The outcome was a long, no, an extremely long conversation, the tone of which was maintained, thanks mainly to Micòl, along the lines of a normal, ironic, rambling chat between two seasoned university students who, as children, might even have had a bit of a crush on one another, but who now, after something in the region of ten years, have nothing else in mind than to bring about an innocent get-together.
“How long is it since we’ve seen each other?”
“At the very least five years.”
“And so, what are you like now?”
“Ugly. A spinster with a red nose. And you? On the subject, I read, I read . . . ”
“Read what?”
“That’s it. Two or so years ago, in the Padano, must have been the culture page, that you’d participated in the Venice Littoriali della Cultura e dell’Arte. . . Making a bit of a splash, eh? My compliments! But then you always did very well in Italian, even at upper middle school. Meldolesi was truly spellbound by some of your class essays. I seem to recall he even brought us one to read.”

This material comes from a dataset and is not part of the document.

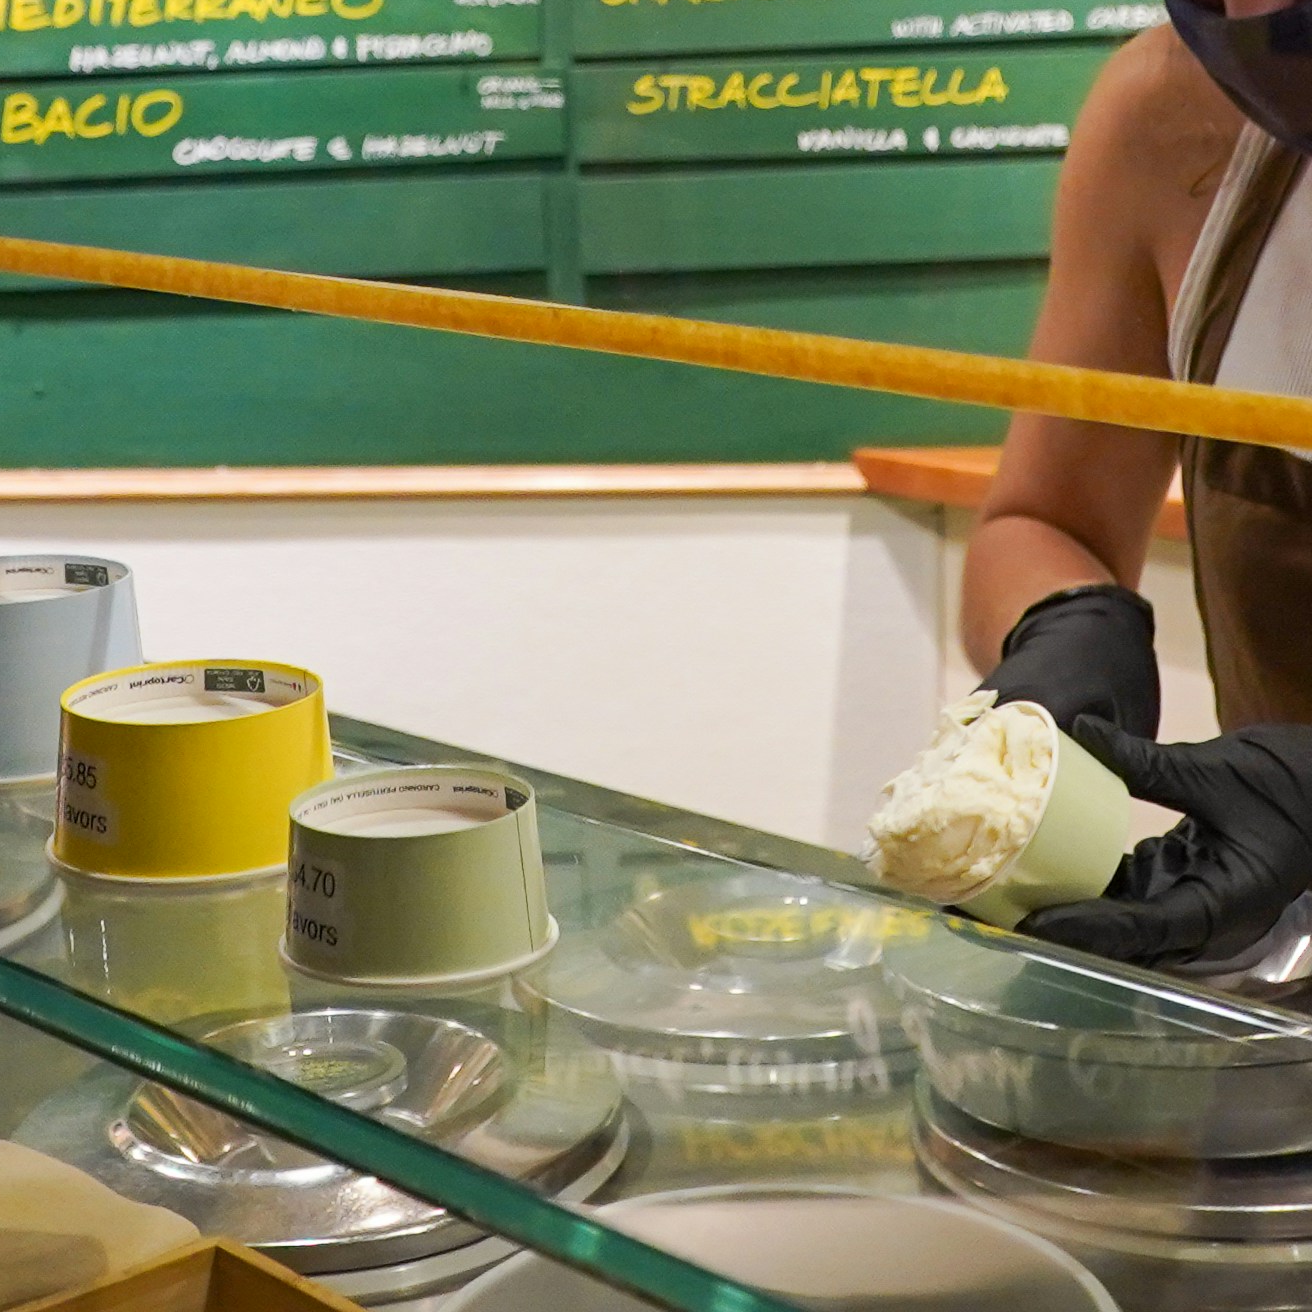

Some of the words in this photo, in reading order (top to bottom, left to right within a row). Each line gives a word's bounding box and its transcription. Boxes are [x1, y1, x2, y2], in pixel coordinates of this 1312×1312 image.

“No need to make fun of me. And you, what are you up to?”
“Nothing. I should have graduated in English at Ca’ Foscari last June. But instead—fat chance. Let’s hope I can get through this year, idleness permitting. D’you think they’ll let the students who are late for their exams finish anyway?”
“I haven’t the least doubt about that, though my saying so won’t cheer you up. Have you chosen the subject for your thesis yet?”
“I’ve chosen, so far no more than chosen, to do it on Emily Dickinson—you know, the nineteenth-century American poet, that archetypally awful woman . . . but what can you do? I’ll have to be tied to the Professor’s apron strings, waste a whole fortnight in Venice, the Pearl of the Lagoon—but a short while there’s enough for me . . . All these years I’ve stayed there as little as possible. Besides, to be honest, studying’s never been my forte.”